122 The Roebuck. This was the Chiswick Eyot in 1983, the Rat and Parrot in 1996 and the Bird Cage in 2002. It was also the Slug and Lettuce for a while. This was licensed from at least 1732, and was where the Manorial Court held their meetings. It had a bowling green and extensive stabling. The original building was demolished in 1890 and replaced by the present building with statues of deer on the gables.
145 Packhorse and Talbot. This was called The Pack Horse from 1698 until 1811. In 1698 people plotting to assassinate William III met here and 1725 when the landlord acted as a witness for highwayman, Jonathan Wild at his trial. It was also the meeting place of the Brentford Turnpike Trust between 1764 and 1776. It was rebuilt in the 1920s
160 The Old Cinema. This was built in 1887 as the Chiswick Hall and was converted into the Royal Cinema Electric Theatre in 1912. It closed in 1934. In 1939 it was a furniture shop and is now an antiques shop
Sulhampstead House. This was on the corner of Devonshire Road and was the home of chemist Professor William Brande of the Apothecaries’ Company and consultant to the early gas industry.

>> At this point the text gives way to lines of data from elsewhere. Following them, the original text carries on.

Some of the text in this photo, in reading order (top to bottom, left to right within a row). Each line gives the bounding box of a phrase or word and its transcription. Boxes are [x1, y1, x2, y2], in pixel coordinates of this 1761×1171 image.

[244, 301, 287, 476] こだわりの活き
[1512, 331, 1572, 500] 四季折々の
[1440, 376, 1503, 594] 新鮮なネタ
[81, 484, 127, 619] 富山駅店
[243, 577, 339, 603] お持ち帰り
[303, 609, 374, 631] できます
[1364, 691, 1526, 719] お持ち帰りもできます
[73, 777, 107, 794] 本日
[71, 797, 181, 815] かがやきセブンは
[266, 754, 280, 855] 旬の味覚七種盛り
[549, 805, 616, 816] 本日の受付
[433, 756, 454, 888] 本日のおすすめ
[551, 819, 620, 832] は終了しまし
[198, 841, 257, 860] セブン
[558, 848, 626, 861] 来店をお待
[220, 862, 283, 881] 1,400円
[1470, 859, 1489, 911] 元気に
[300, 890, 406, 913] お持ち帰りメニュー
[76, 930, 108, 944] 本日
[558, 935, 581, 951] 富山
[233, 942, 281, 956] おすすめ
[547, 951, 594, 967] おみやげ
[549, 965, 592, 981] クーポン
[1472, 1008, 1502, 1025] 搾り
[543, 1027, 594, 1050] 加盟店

185 George IV. This dates from at least 1771 when it was called the Lord Boston’s Arms and the Boston Arms by 1790. It was taken over by Fuller, Smith & Turner in 1826 and the name changed to the George IV. It was rebuilt in 1931/2. In 1838 an omnibus service ran from here to the City. It now hosts a comedy club.

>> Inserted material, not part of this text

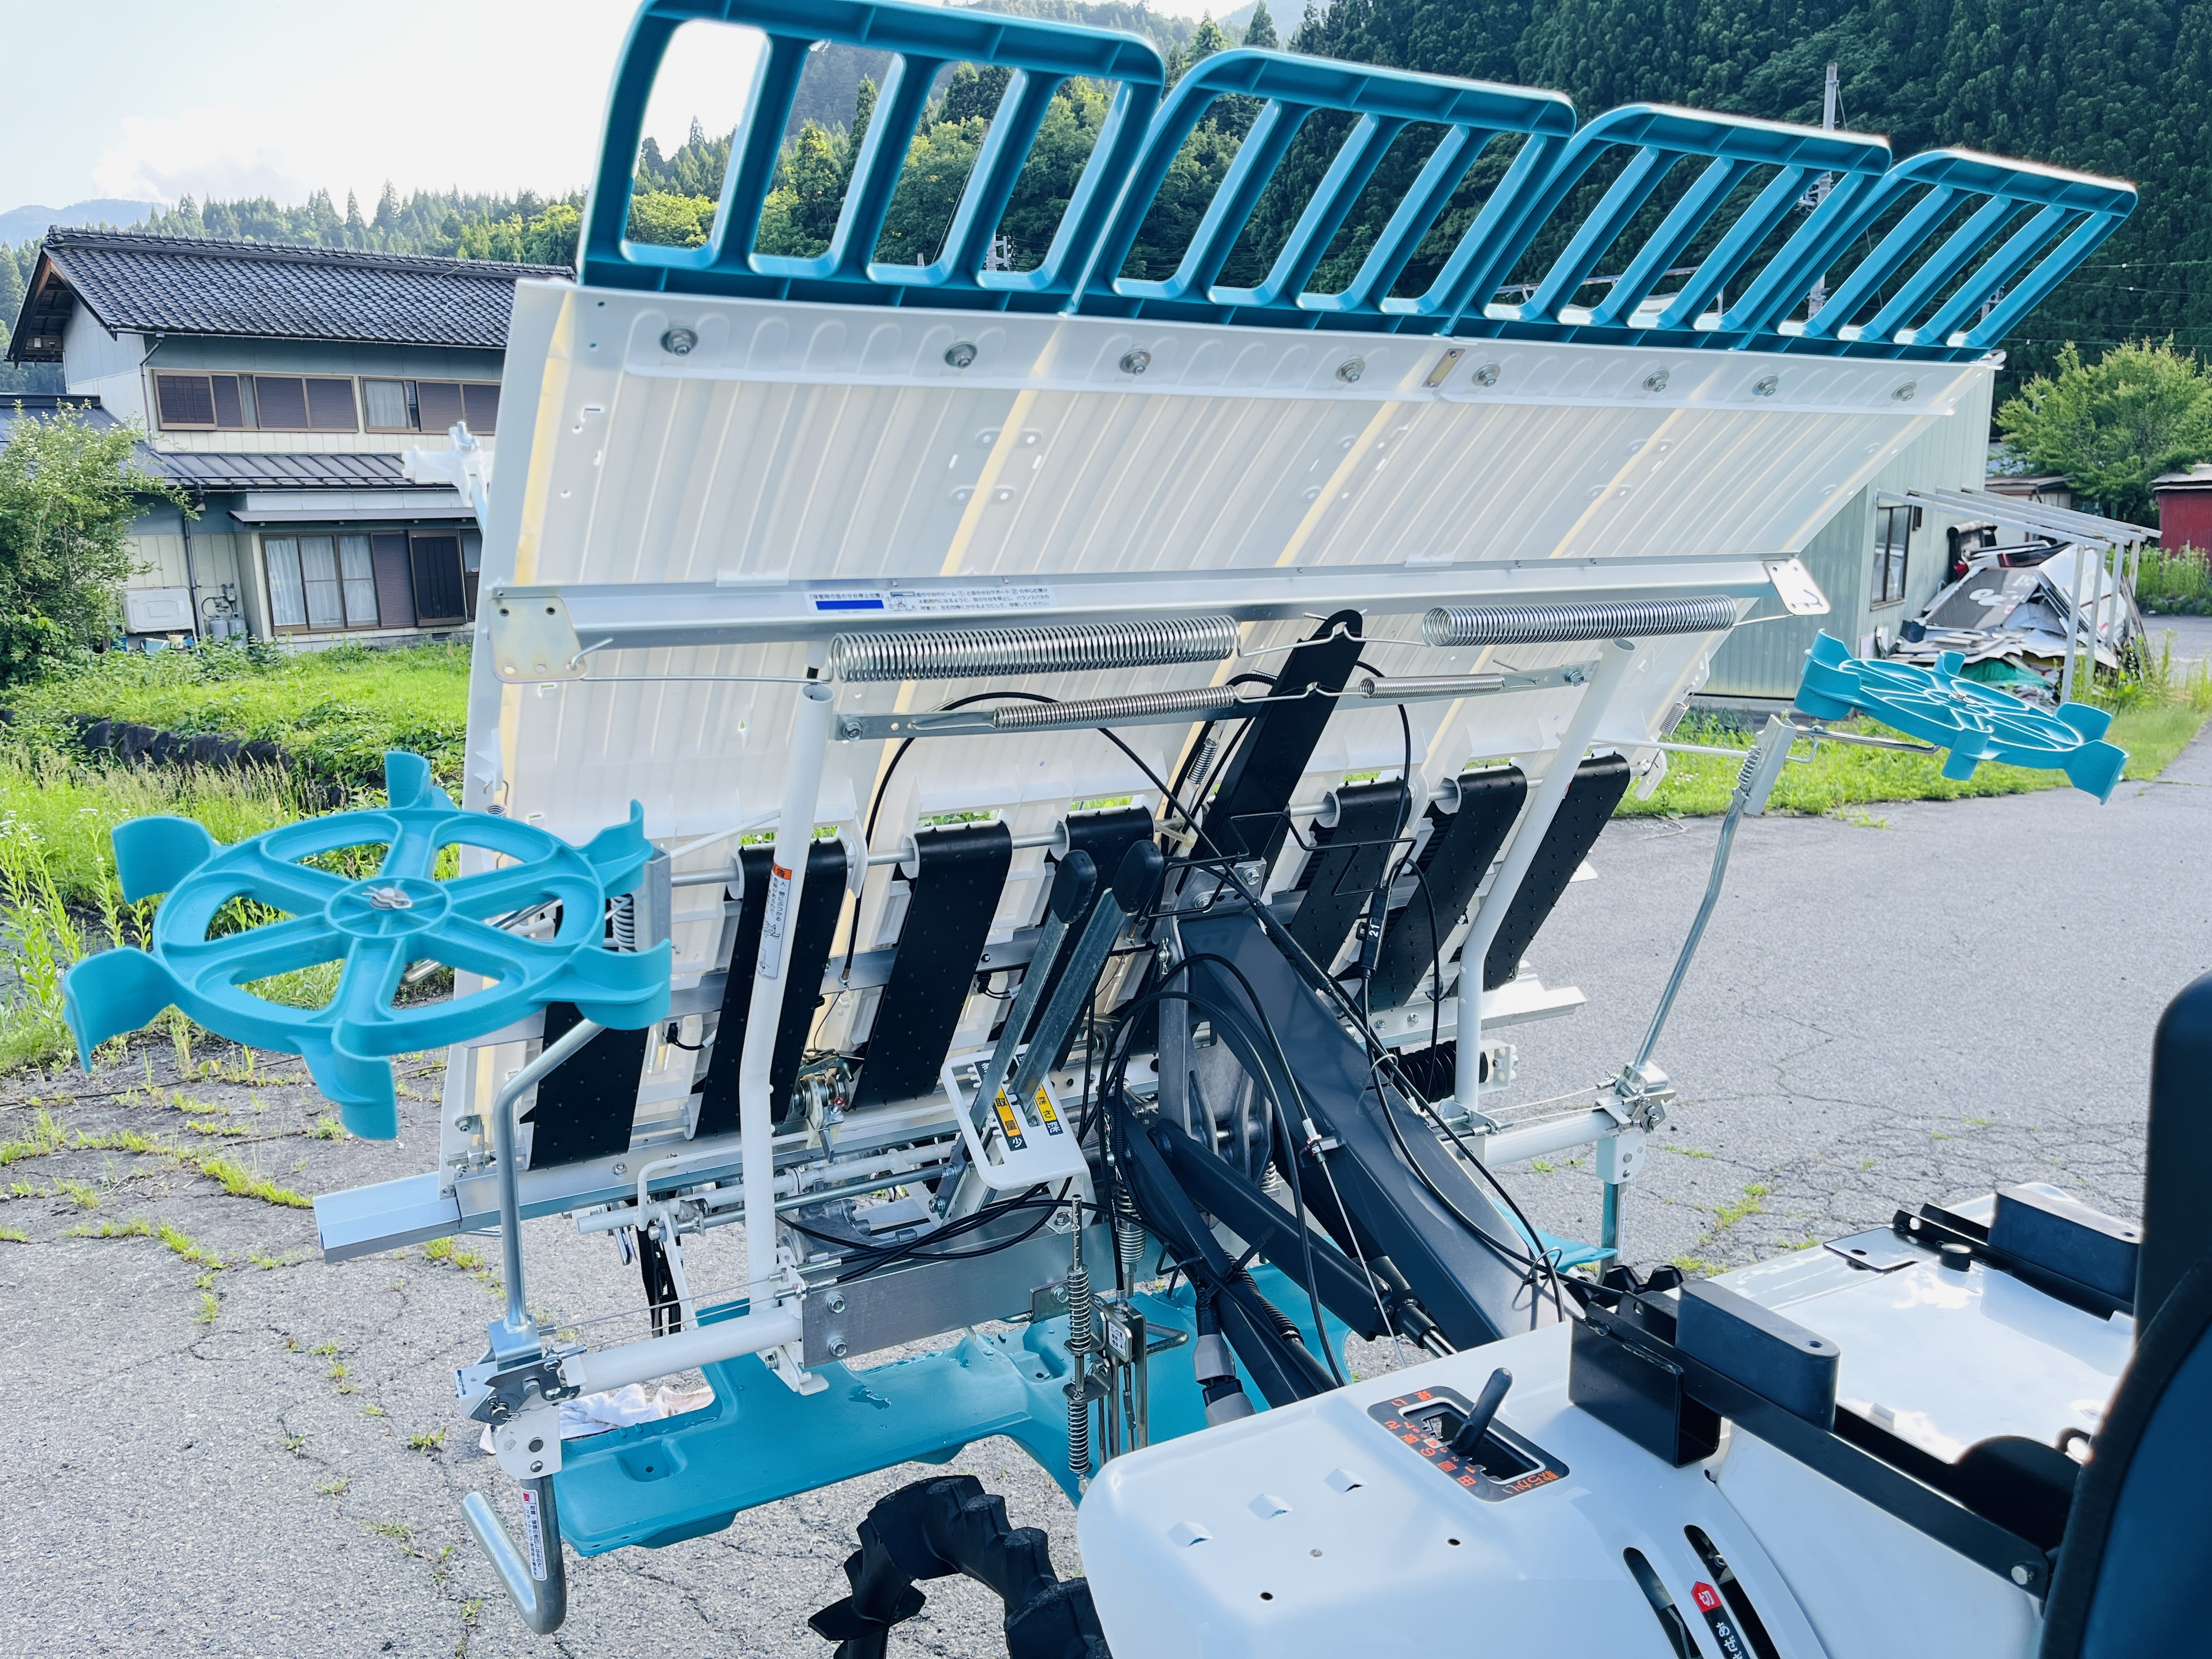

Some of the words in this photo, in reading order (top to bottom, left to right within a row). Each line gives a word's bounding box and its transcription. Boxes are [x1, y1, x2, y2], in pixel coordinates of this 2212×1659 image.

Statue of Hogarth. This statue is the work of Jim Mathieson and was unveiled in 2001 by Ian Hislop, assisted by David Hockney, patron of the statue appeal. The pug dog at Hogarth’s feet was unveiled by a pupil from William Hogarth School.

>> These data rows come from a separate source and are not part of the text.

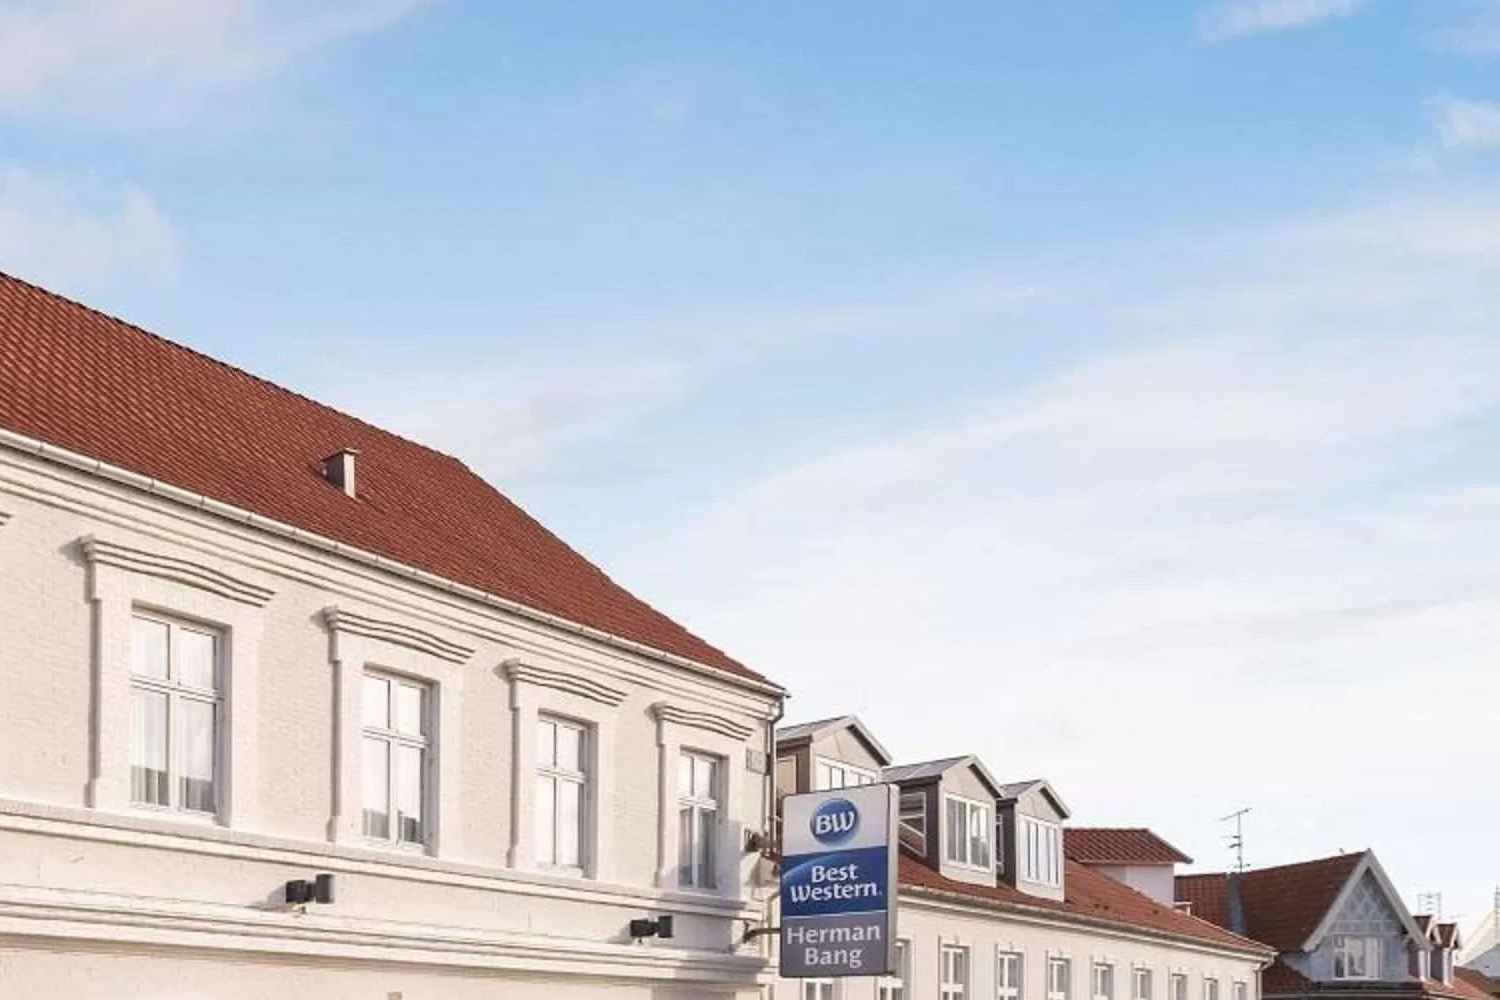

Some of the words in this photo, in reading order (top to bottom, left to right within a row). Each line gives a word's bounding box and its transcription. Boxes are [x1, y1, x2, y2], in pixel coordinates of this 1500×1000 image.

[815, 811, 855, 834] BW
[811, 864, 858, 883] Best
[790, 882, 878, 902] Western
[787, 925, 880, 945] Herman
[804, 948, 863, 968] Bang

177-179 Prince of Wales. This pub closed in 1971 – the Prince of Wales badge is said to remain on the front of the building. The current building replaced a predecessor licensed by 1792. It ws rebuilt in the 1930s
197 All Bar One. This was the fire station the sign for which lies under the fascia. The station was opened here in 1891 and operated there until 1963. It was built in 1891 and probably designed by Arthur Ramsden, surveyor to the local board. It has a clock tower which may be an early example of a hose tower. There is a helmet carved above the top window.
210 old Police Station. This was opened in 1872 and closed in 1972. It was associated with the police station in Brentford.
Linden House. This was a large house fronting on to the main road after which Linden Gardens is named. In the late 18th it was home of Ralph Affleck, publisher of The Monthly Review and later of Thomas Wainwright, transported for fraud and possible murderer.
201 - 211 Police Station. This is on the site of Linden House and a later fire station. The site is also shown as a market in the 1930s. It was opened in 1972
2 Convent for the Comboni Missionary Sisters of Verona opened a girls' hostel and nursery school opened here in 1951. There is an onsite chapel.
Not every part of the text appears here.